With so much written about the Second World War, it is important to understand the context and framework of the book. As set out in the cover notes, the author is very specific about what she seeks to achieve: In 1940s India, revolutionary and nationalistic feeling surged against colonial subjecthood and imperial war. Two-and-a-half million people from undivided India served the British during the Second World War, while three million civilians were killed by the war induced Bengal Famine, and Indian National Army soldiers fought against the British for Indian independence. This book shines the light on emotions as a way of unearthing these troubled and contested experiences, exposing the personal as political. (cover)
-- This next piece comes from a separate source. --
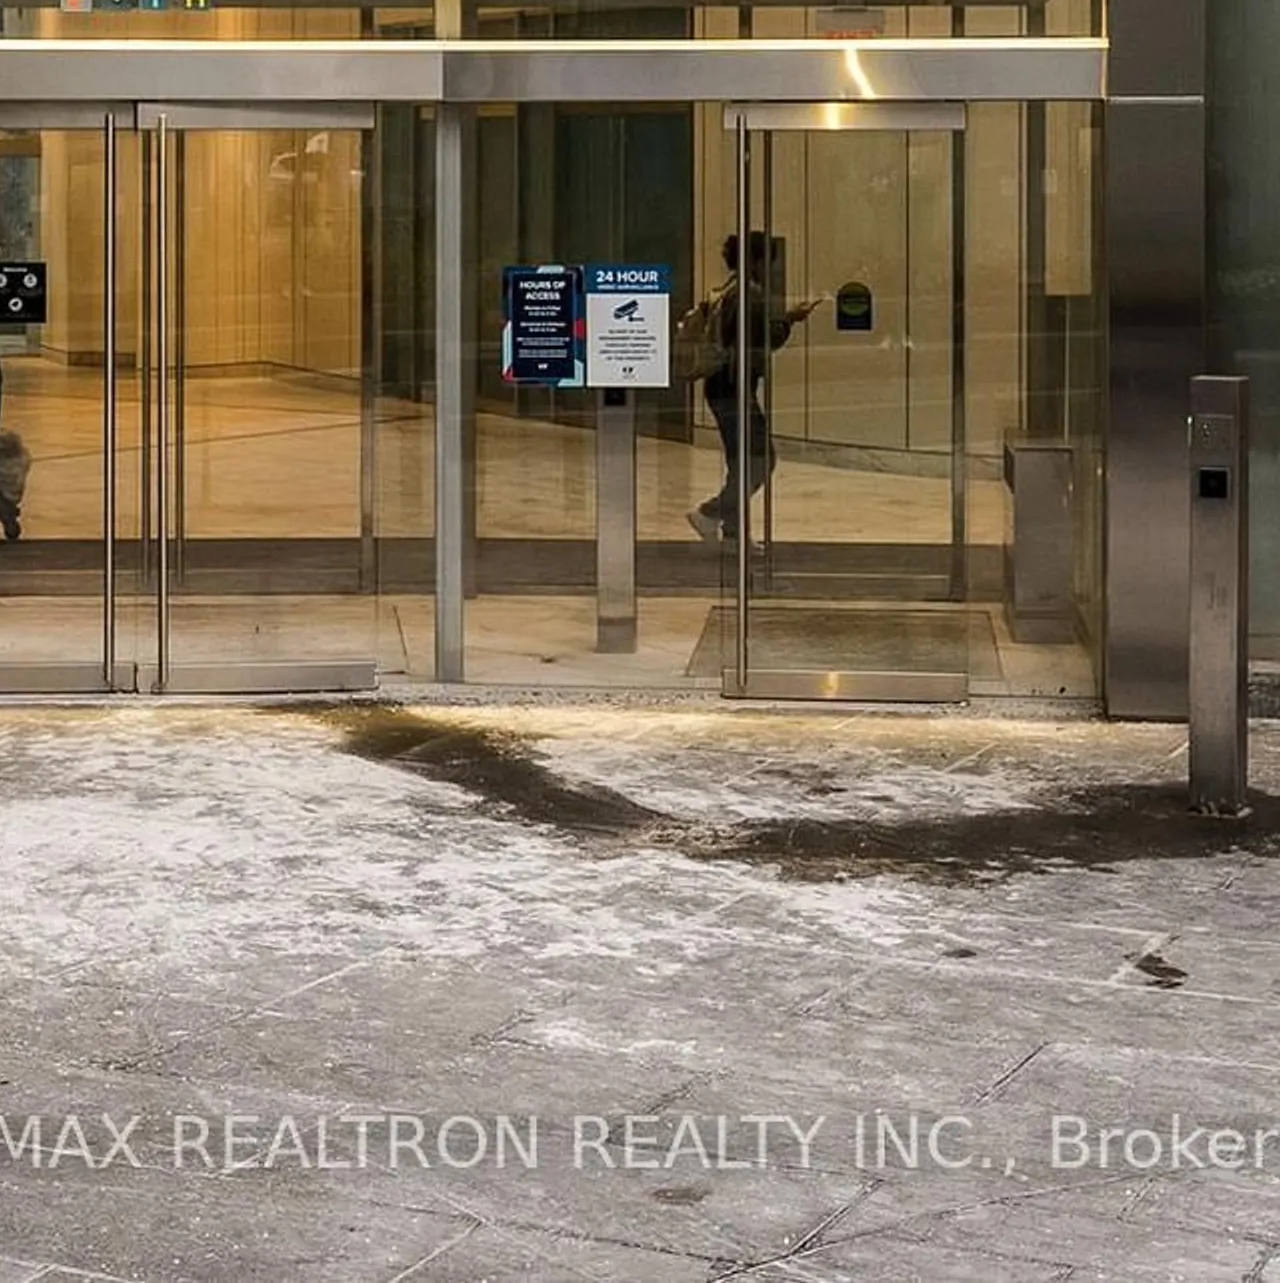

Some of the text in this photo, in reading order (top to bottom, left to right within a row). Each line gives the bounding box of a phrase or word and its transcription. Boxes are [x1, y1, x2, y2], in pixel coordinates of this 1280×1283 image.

[596, 270, 659, 283] 24 HOUR
[519, 280, 566, 290] HOURS OF
[525, 291, 561, 301] ACCESS
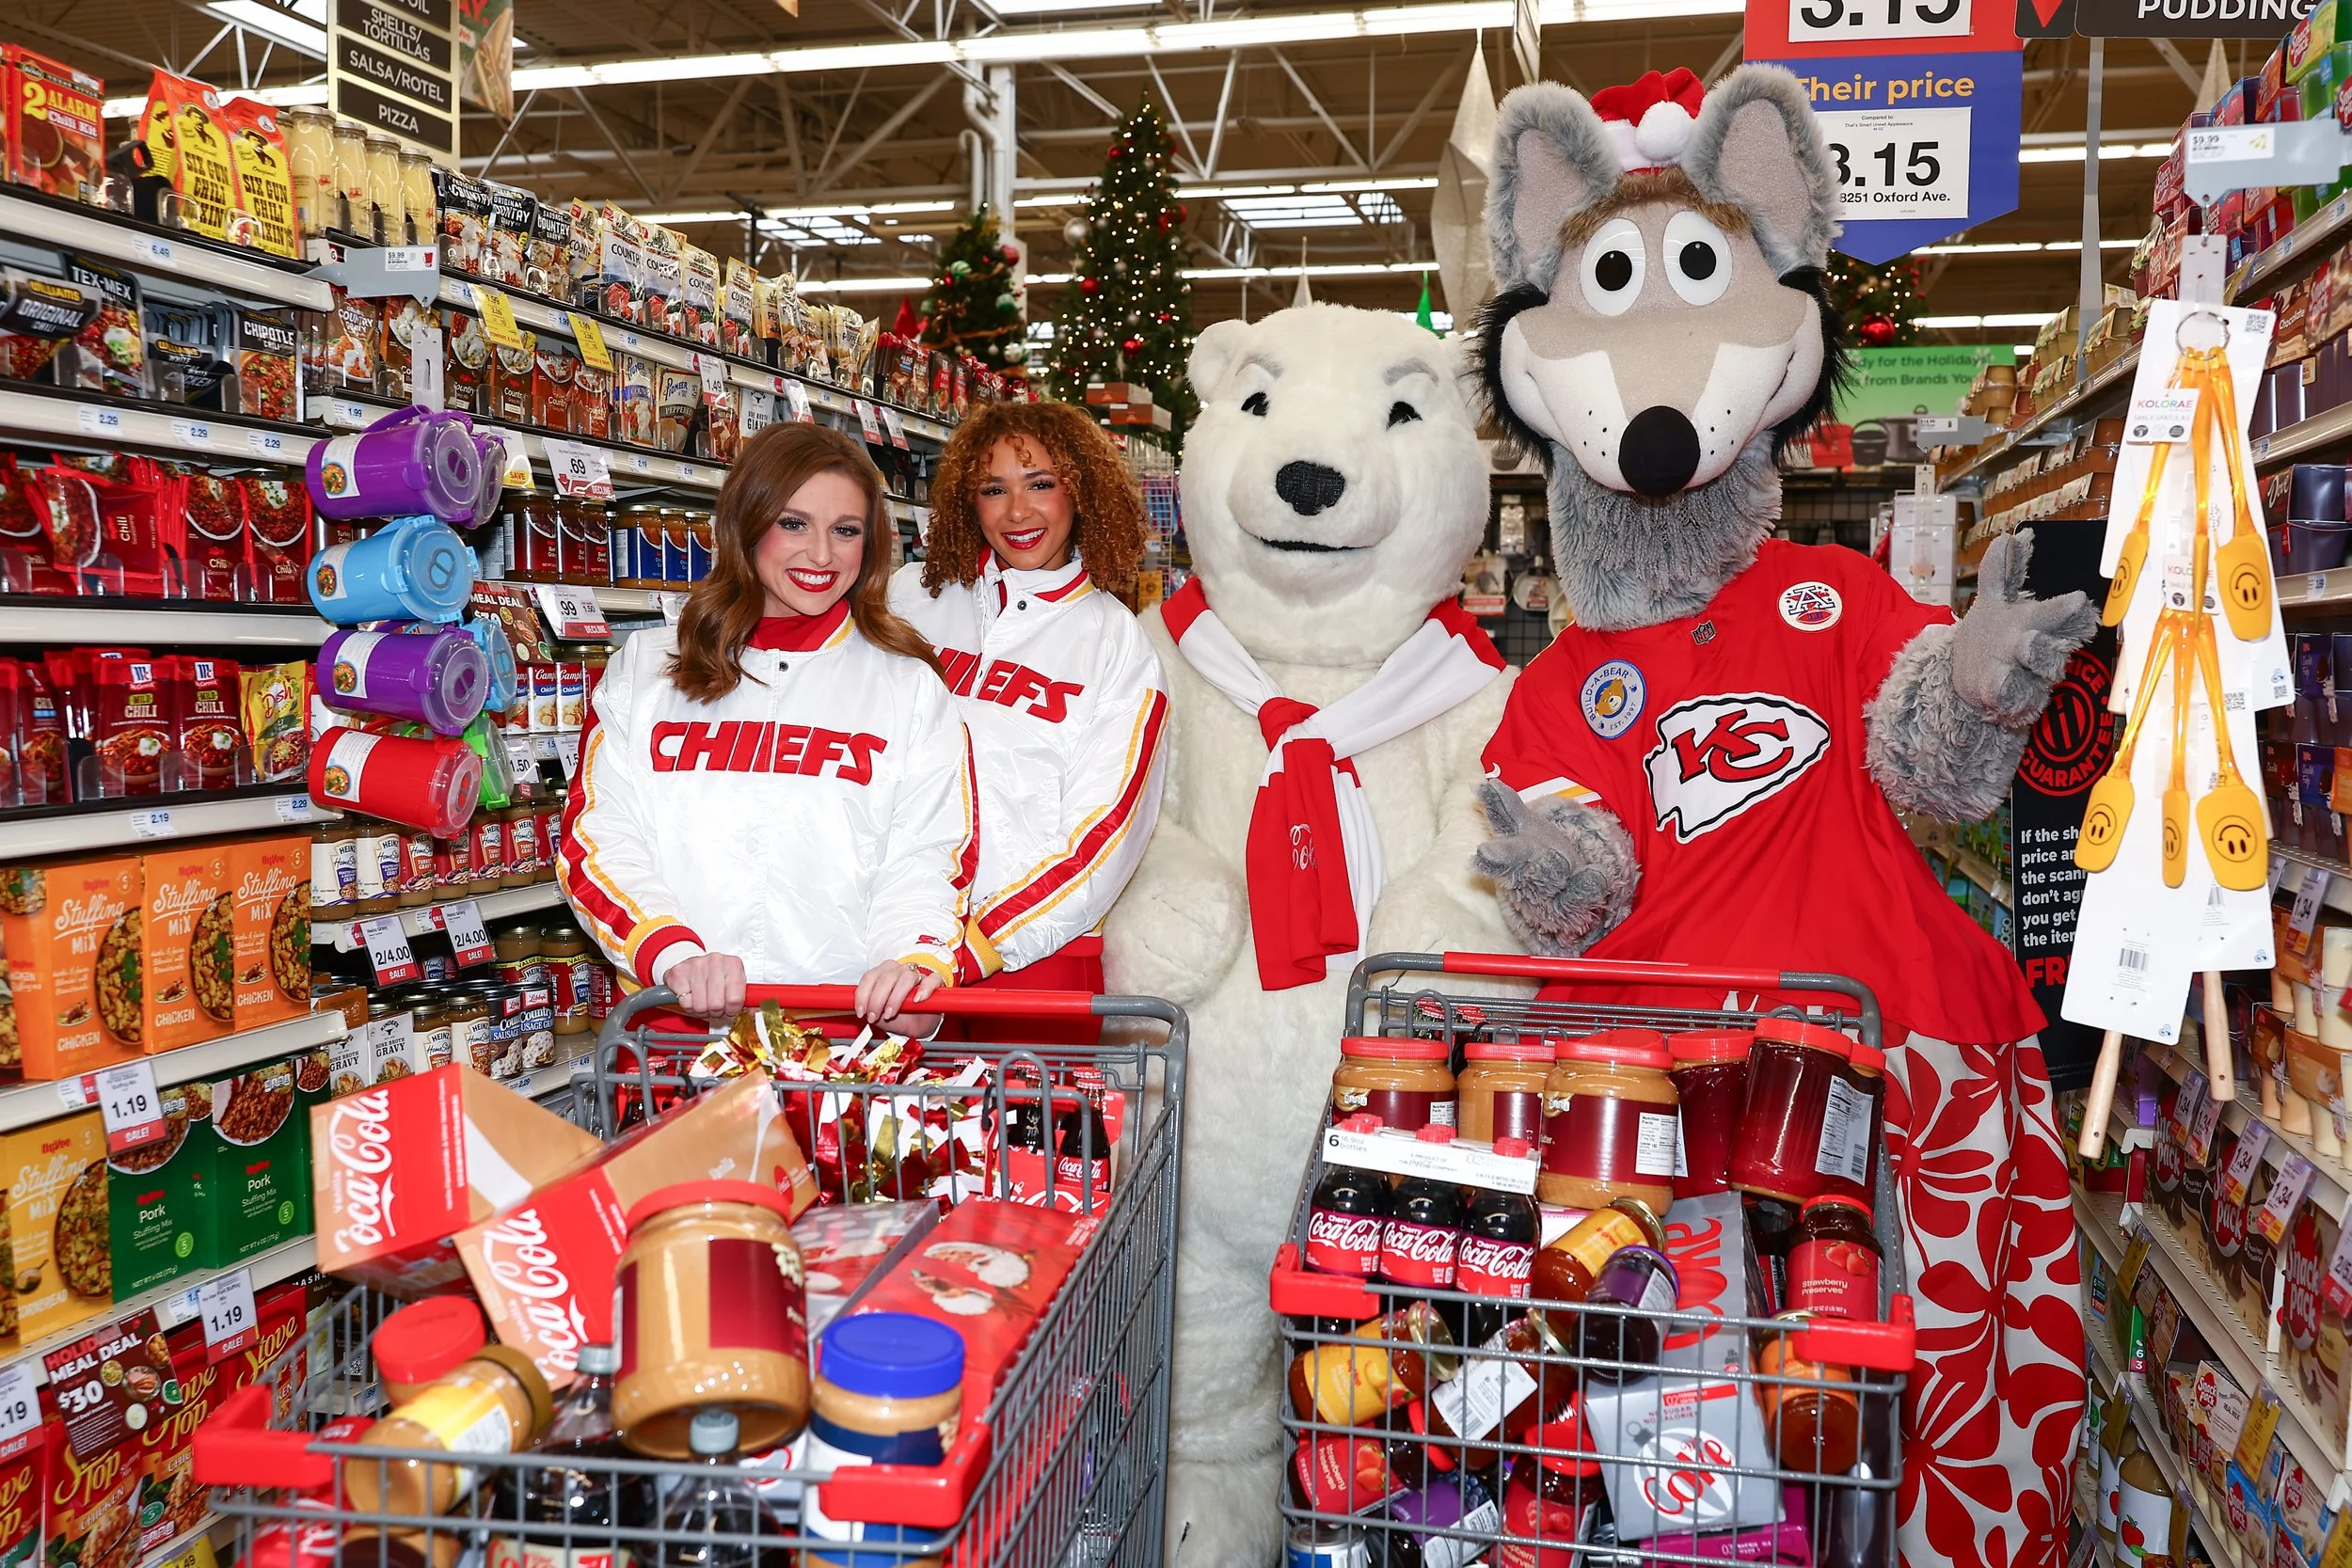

The meticulous and extensive research carried out by Gupta permeates every page. She draws on poetry, memoirs, photographs and philosophical essays in both English and Bengali to weave a compelling tapestry of emotions felt by Indians in service and at home during the war. She brings to life a host of characters from an unknown sepoy in the Middle East yearning for home, to anti-fascist activist Tara Ali Baig; a disillusioned doctor on the Burma frontline, and Sukanta Bhattacharya’s modernist poetry of hunger; Mulk Raj Anand’s revolutionary home front, and Rabindranath Tagore’s critique of civilisation. She recovers a genuinely global history of the Second World War, revealing the crucial importance of cultural approaches in challenging a traditional focus on the wartime experiences of European populations.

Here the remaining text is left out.